Work instructions -> Except for the pictures, write out all the records that follow exactly.

[Record excerpts]

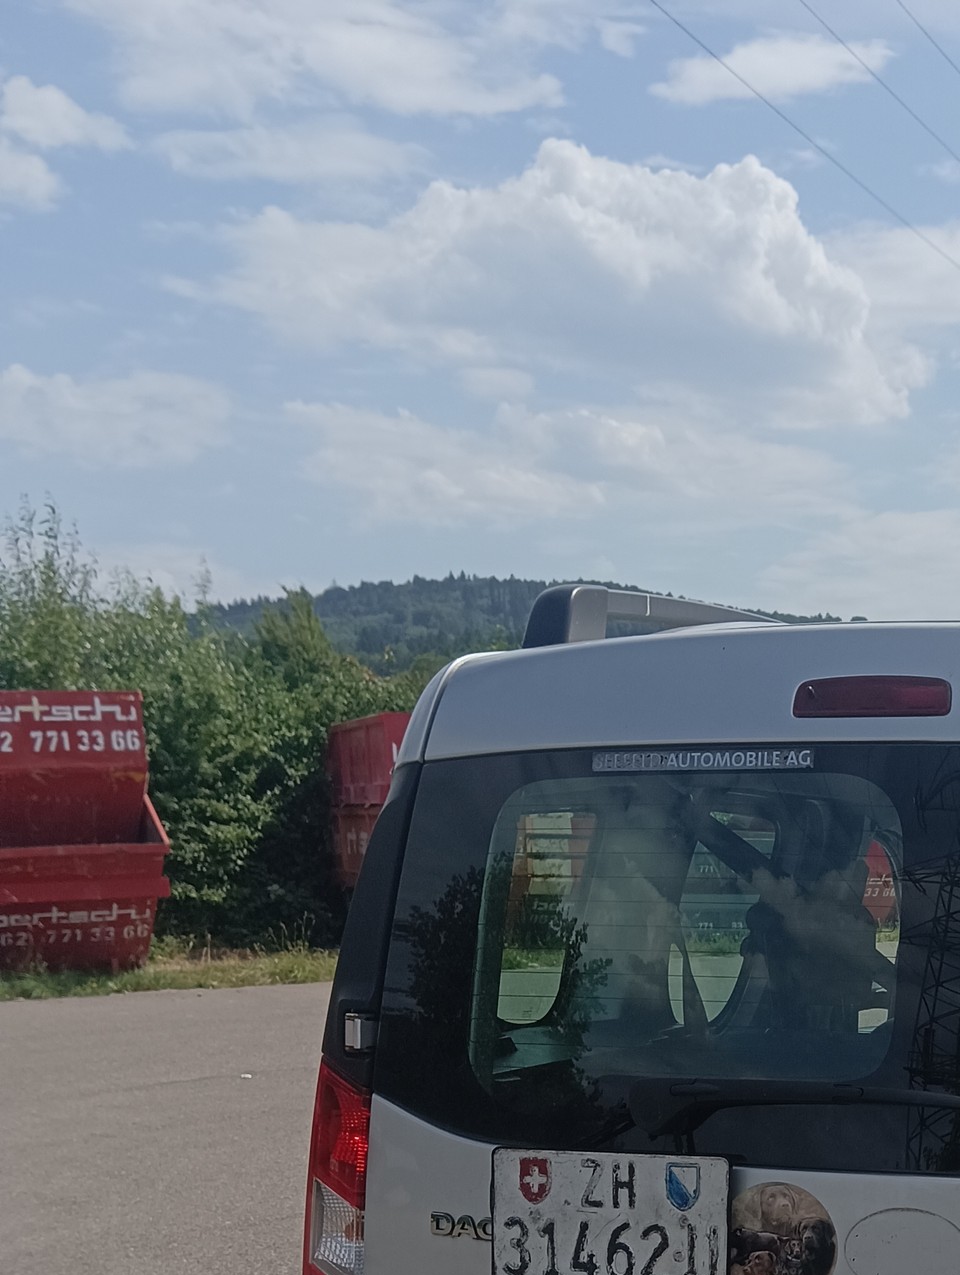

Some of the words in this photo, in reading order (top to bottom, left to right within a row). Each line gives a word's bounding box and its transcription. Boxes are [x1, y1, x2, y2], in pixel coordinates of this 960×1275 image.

[667, 751, 781, 768] AUTOMOBILE
[786, 750, 811, 766] AG
[581, 1158, 636, 1209] ZH
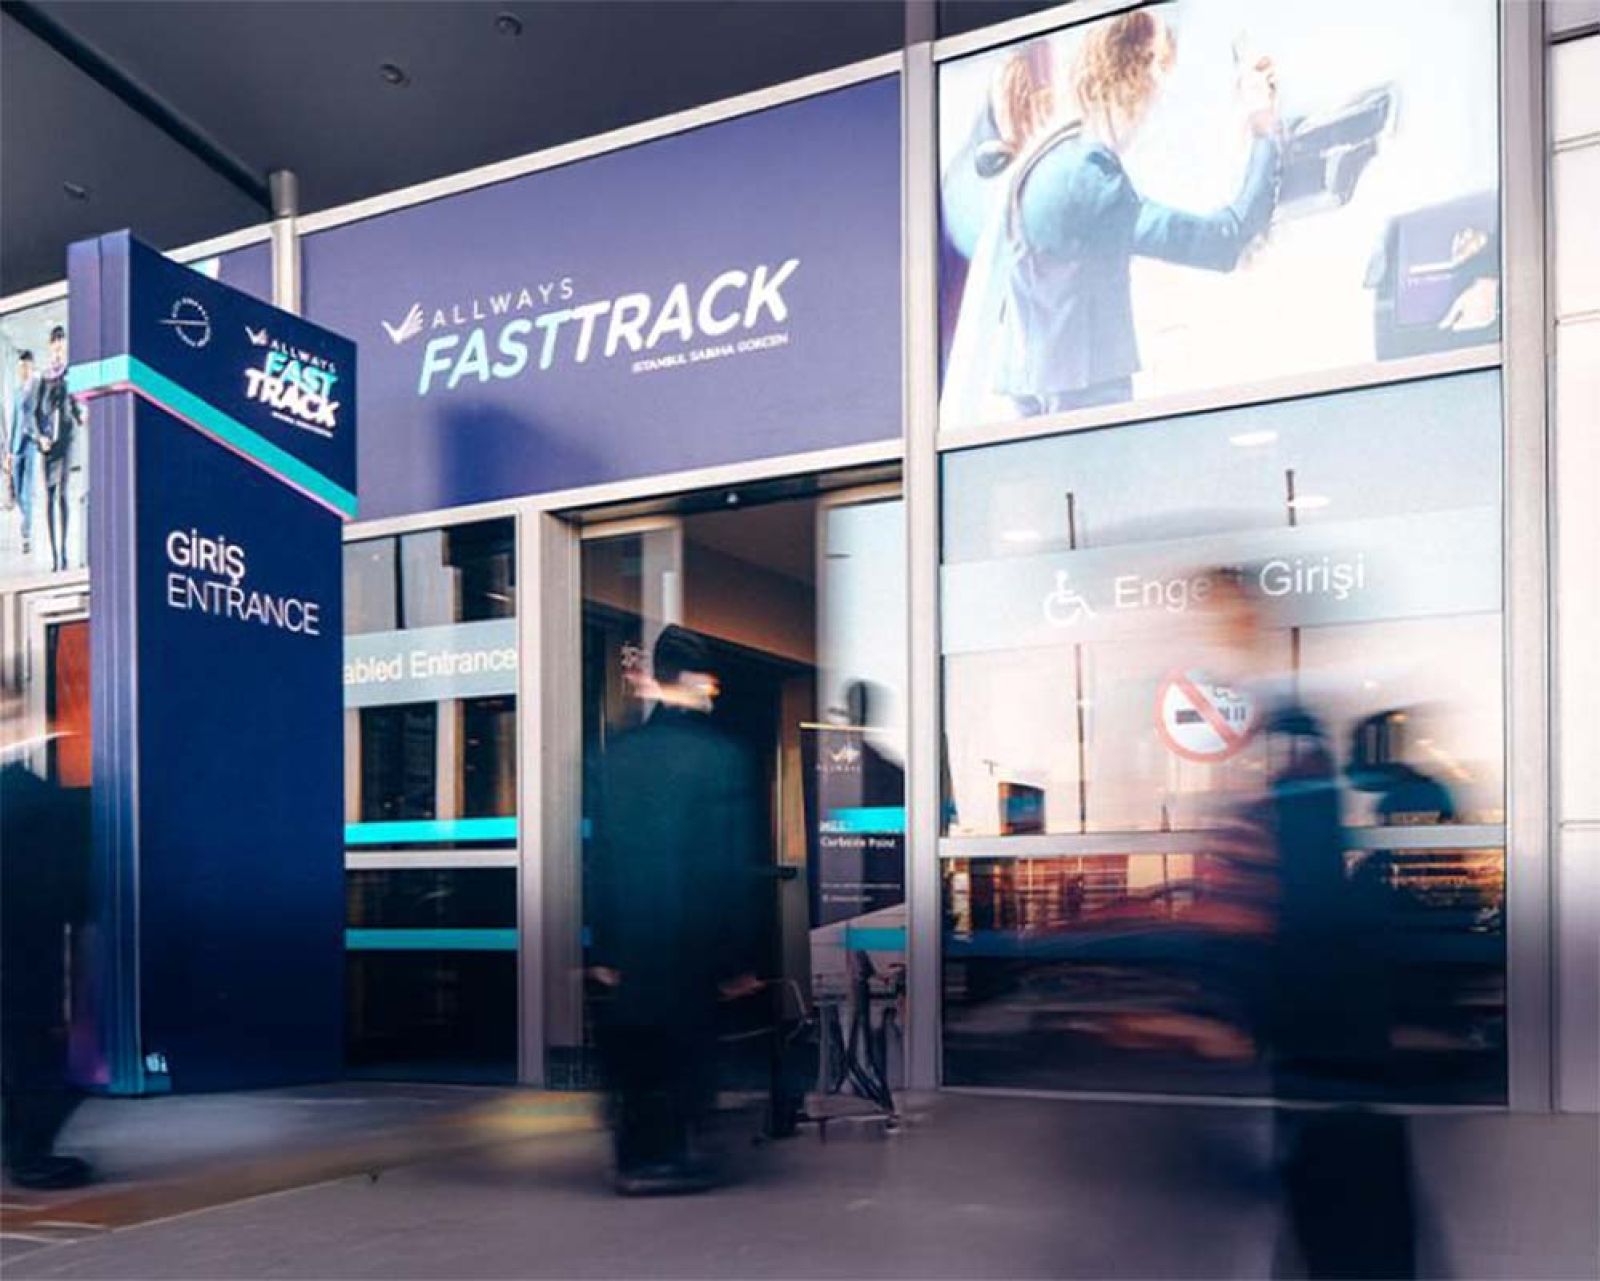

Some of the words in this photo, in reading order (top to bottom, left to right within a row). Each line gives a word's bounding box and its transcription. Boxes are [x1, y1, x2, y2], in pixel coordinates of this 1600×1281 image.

[432, 277, 574, 329] ALLWAYS
[244, 367, 341, 427] TRACK
[265, 351, 339, 401] FAST
[1258, 552, 1365, 601] Girişi
[167, 572, 321, 637] ENTRANCE
[411, 646, 517, 679] Entrance

[/Record excerpts]

Output ->
Some of the words in this photo, in reading order (top to bottom, left to right within a row). Each line gives a word's bounding box and its transcription. Boxes are [x1, y1, x2, y2], in pixel coordinates of this 960×1275 image.

[667, 751, 781, 768] AUTOMOBILE
[786, 750, 811, 766] AG
[581, 1158, 636, 1209] ZH

Some of the words in this photo, in reading order (top to bottom, left to right within a row). Each line gives a word's bounding box and its transcription. Boxes are [x1, y1, x2, y2], in pixel coordinates of this 1600×1281 image.

[432, 277, 574, 329] ALLWAYS
[244, 367, 341, 427] TRACK
[265, 351, 339, 401] FAST
[1258, 552, 1365, 601] Girişi
[167, 572, 321, 637] ENTRANCE
[411, 646, 517, 679] Entrance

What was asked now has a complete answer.